━━━ SUPPLIED RECORDS ━━━

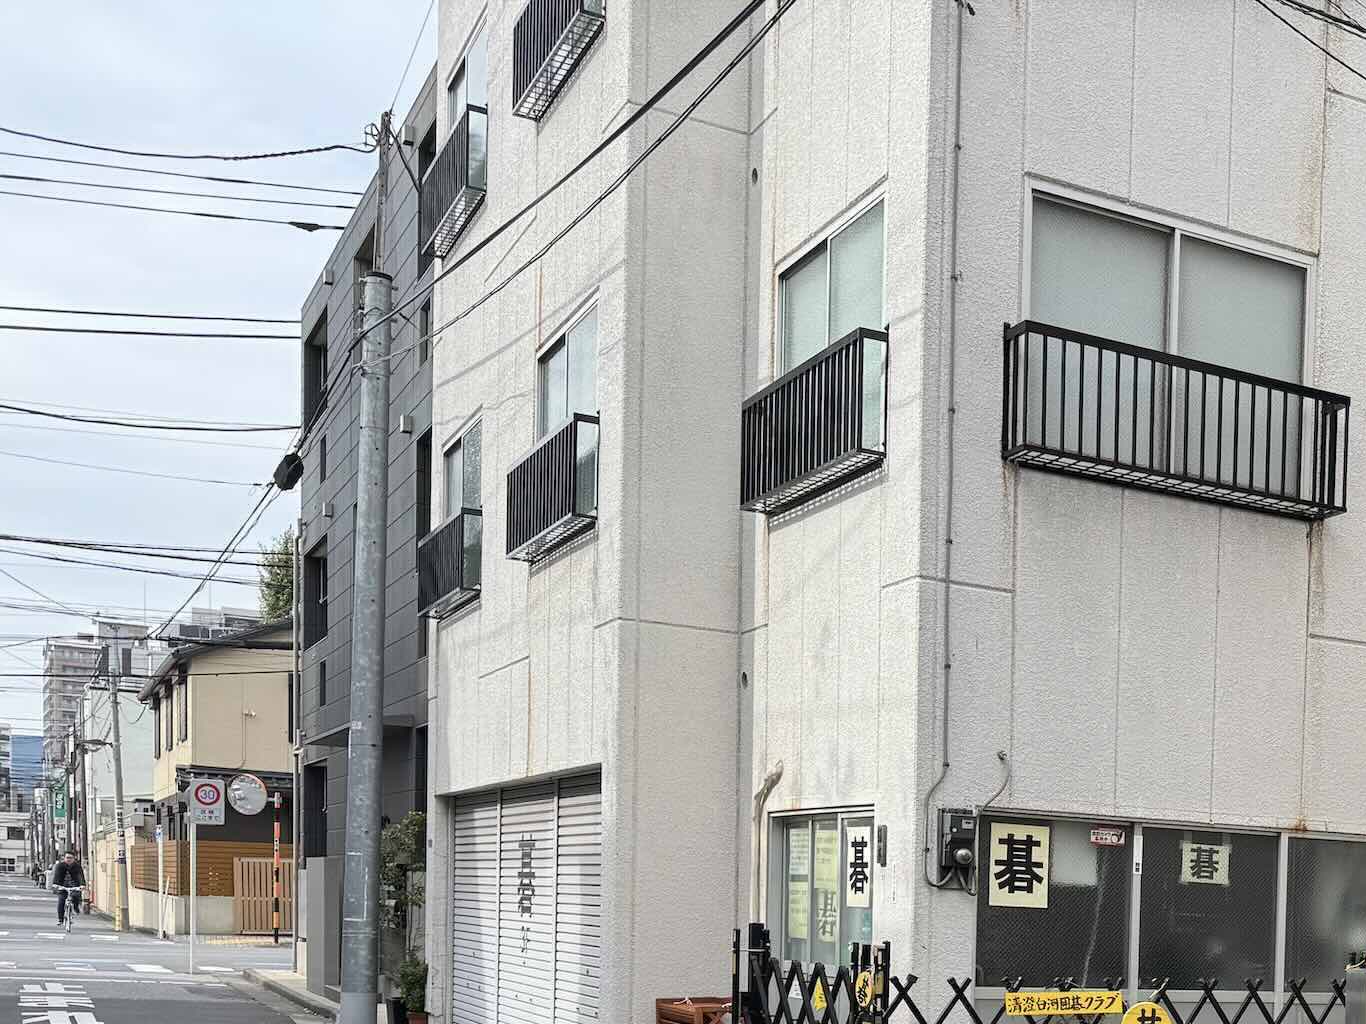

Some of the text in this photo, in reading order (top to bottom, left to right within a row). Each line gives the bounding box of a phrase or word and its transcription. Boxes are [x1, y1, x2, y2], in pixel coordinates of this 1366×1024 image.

[200, 790, 215, 800] 30
[849, 836, 869, 895] 碁
[994, 833, 1044, 894] 碁
[1190, 846, 1219, 881] 碁
[1007, 993, 1120, 1013] 清澄白河囲碁クラブ

━━━

TASK DETAILS: Could you print the data exactly as it appears and keep the pictures out?

PROBLEM SOLUTION:
Some of the text in this photo, in reading order (top to bottom, left to right within a row). Each line gives the bounding box of a phrase or word and its transcription. Boxes are [x1, y1, x2, y2], in pixel coordinates of this 1366×1024 image.

[200, 790, 215, 800] 30
[849, 836, 869, 895] 碁
[994, 833, 1044, 894] 碁
[1190, 846, 1219, 881] 碁
[1007, 993, 1120, 1013] 清澄白河囲碁クラブ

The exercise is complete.